4、医嘱单是医嘱的执行记录。分为长期医嘱和临时医嘱。为医保部门审核医疗费用提供准确信息,有利于患者和医保部门共同对医院医疗行为进行监督、检查。也为统筹基金的支付和管理提供客观依据,以使社保机构能有效控制医疗费用的开支,杜绝浪费,确保统筹基金的合理使用。医嘱单的书写要做到:(1)正确填写医嘱上端病人姓名、病房、床号、病案号和页次。(2)长期医嘱和临时医嘱的时间应准确、具体到分。(3)遇有手术或分娩病例时,在医嘱单上划一红线,表示线上医嘱停止执行。(4)对部分医嘱作废时应及时加盖作废章,以免引起重复记帐。
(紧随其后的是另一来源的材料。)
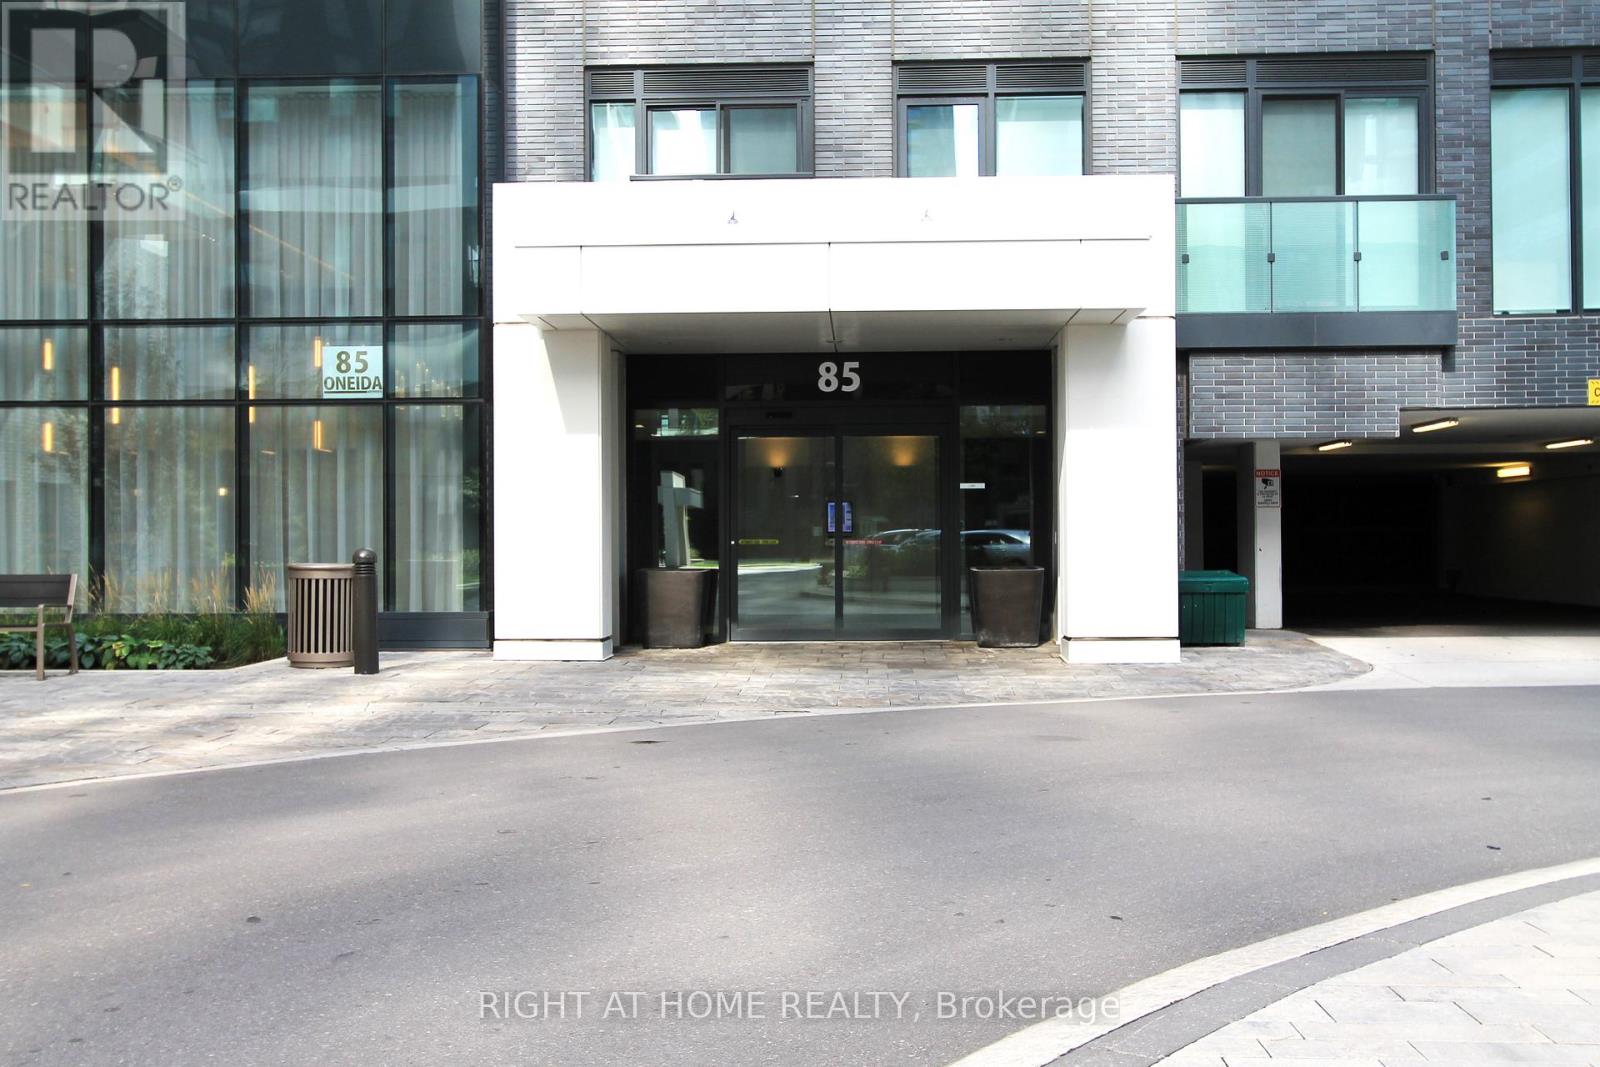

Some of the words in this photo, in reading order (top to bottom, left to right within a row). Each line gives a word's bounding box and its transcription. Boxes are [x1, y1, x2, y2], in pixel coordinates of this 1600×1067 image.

(二)病案的完整性管理使医疗保险机构理赔有了可靠依据
残缺不全的病案,不仅反映在医疗质量上不够严谨,也为临床诊断和治疗的合理性带来困难,还使教学和科学研究工作得不到可靠的资料,同时对医疗事故、医疗纠纷的处理和法律责任鉴定造成困难和不必要的损失。一份完整的病案是发挥其使用价值的必然要素,也是医疗保险机构进行理赔的重要依据。随着医疗体制的改革,为了合理使用有限的医疗卫生资源,各医院都普遍提高了病床周转率,减低了病人平均住院天数,但是,由于一些检验报告滞后归档,在病人出院时有时正式的病理诊断报告还未完成。这就需要医生在得到各种检验报告后必须及时归入病人的病案中,以使病案的完整性得到保证。例如医保机构在对病人使用白蛋白时,决定是否支付报销的依据就是病人的血液报告里的白蛋白指标。又如医疗保险文件规定,应用抗霉菌药物必须有霉菌检出的阳性结果,否则按自费处理。这些都需要从病案中相应的检验报告结果作为依据
(三)病案的供应和保存也影响医疗保险的理赔
1、保证病案及时提供。病案作为保险理赔和支付的重要依据,如在医保机构和保险公司需要查阅时不能及时提供必将影响理赔速度。因此要求病案管理人员做到病案的及时收回,及时归档(包括整理,装订,首页电脑录入,上架),坚持和完善病案借阅制度,杜绝病案遗失。病案管理工作中的任何疏忽大意,都会影响病案的正常供应,进而影响病案的使用包括保险理赔。为此,我院专门制定了一系列奖惩制度,责任到人,保证病案的及时收回和避免遗失,取得了良好的效果。
2、病案的保管也会影响保险理赔。如没有完善、科学的病案管理,不能提供病案资料将直接影响患者得到合理的赔偿。病案保管工作的好坏,直接影响病案的供应和使用。因此,运用科学的管理方法,合理地规定病案保管期限,并做到病案上架及时,排列有序,整齐清洁,查找方便,完整无缺,防止损坏丢失。
总之,病案管理工作的根本目的是为医院与社会提供服务。病案利用是病案管理各项工作的出发点和归宿。抓好病历在形成过程中的质量,要求各项记录、及时、准确、项目齐全、真实可靠,以达到规范化、制度化、标准化,以维护病案的“三性”对防范医疗事故纠纷具有深远的意义。